Operating a motorcycle in a park does not obtain a protected status under the First Amendment to the Federal Constitution because in order to obtain that status the activity "must be designed to communicate or express some idea or some information." Marshfield Family Skateland, Inc. v. Marshfield, supra, 389 Mass. at 443, 450 N.E.2d 605, quoting from Caswell v. Licensing Commn. for Brockton, 387 Mass. 864, 867-871, 444 N.E.2d 922 (1983). The regulation does not prohibit any person from speaking, assembling or associating with other persons in the park. 5 It requires only that when they engage in the above activities that they leave their motorcycles outside the park.

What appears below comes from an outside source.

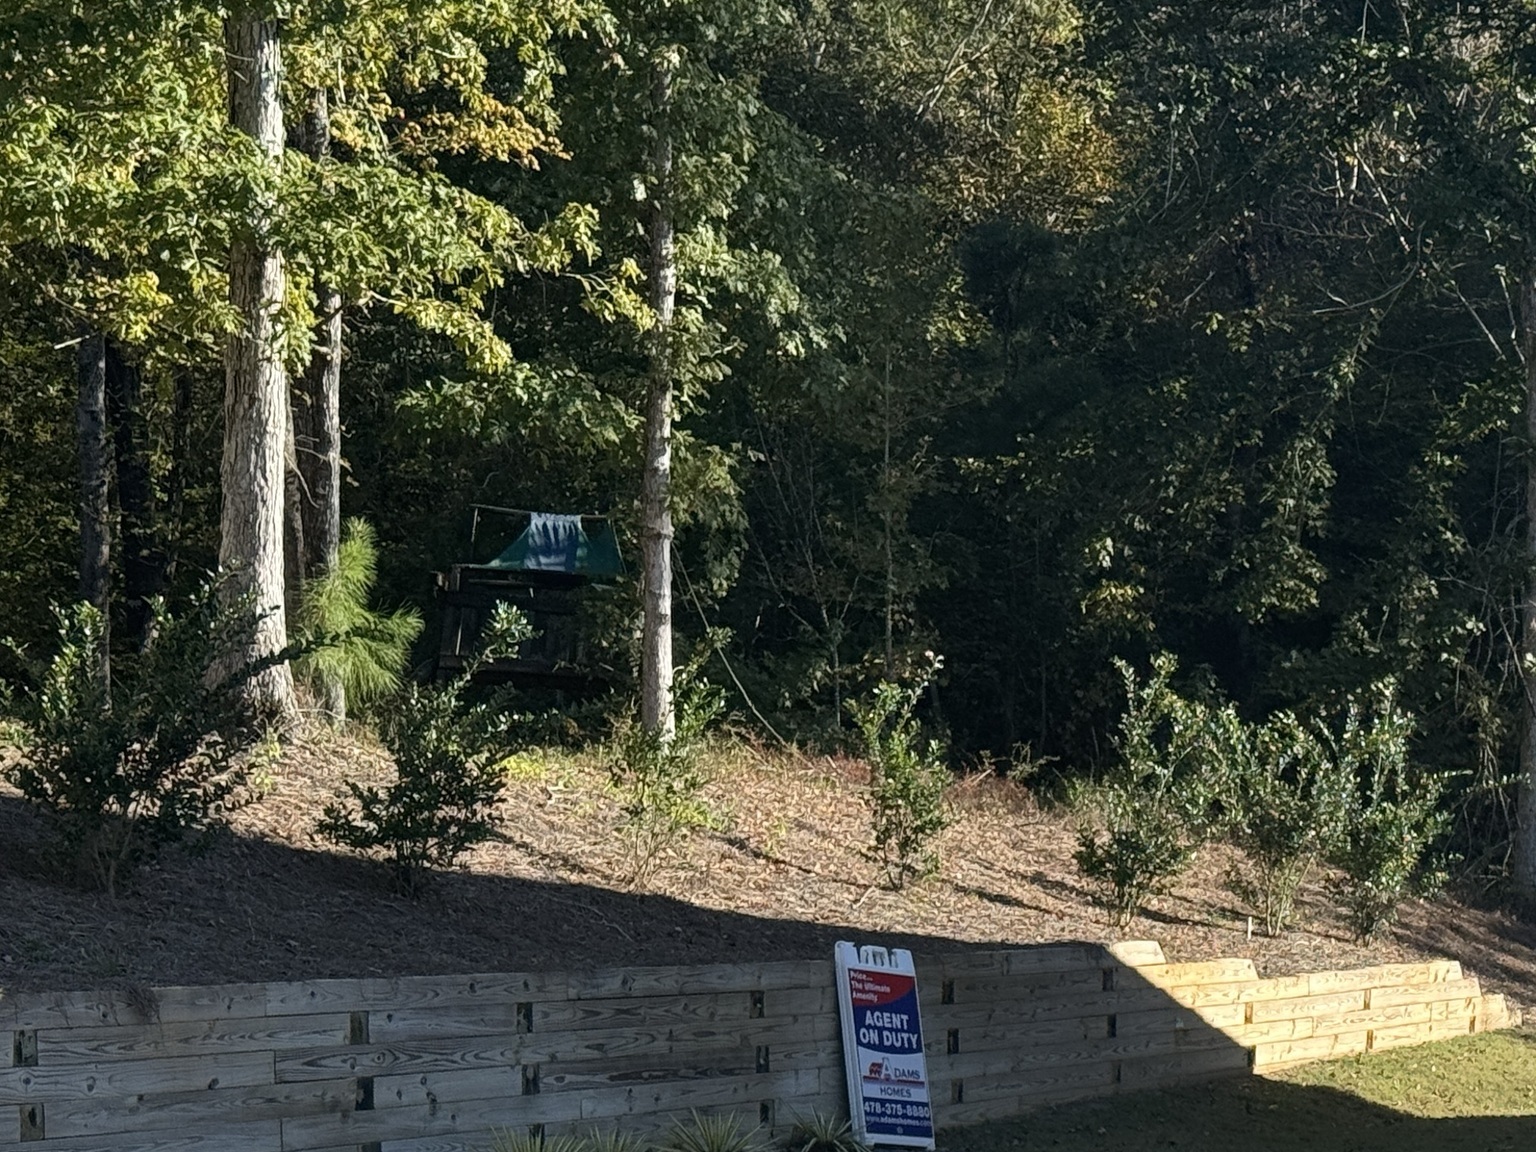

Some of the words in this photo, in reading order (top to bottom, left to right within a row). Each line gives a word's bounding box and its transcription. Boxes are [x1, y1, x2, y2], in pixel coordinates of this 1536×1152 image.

We agree with the plaintiffs that "freedom to travel throughout the United States has long been recognized as a basic right under the Constitution." United States v. Guest, 383 U.S. 745, 758, 86 S.Ct. 1170, 1178, 16 L.Ed.2d 239 (1966). But we are unable to perceive how the regulation impedes the plaintiffs' right to travel or serves to punish the exercise of the right of interstate movement. "The right to travel does not require the state to avoid any regulation of methods of transportation...." Ross v. Gunaris, 395 F.Supp. 623, 628 (D.Mass.1975). Here, the regulation does not prevent any person from travelling once inside the park. It simply bars motorcycles as the mode of transportation.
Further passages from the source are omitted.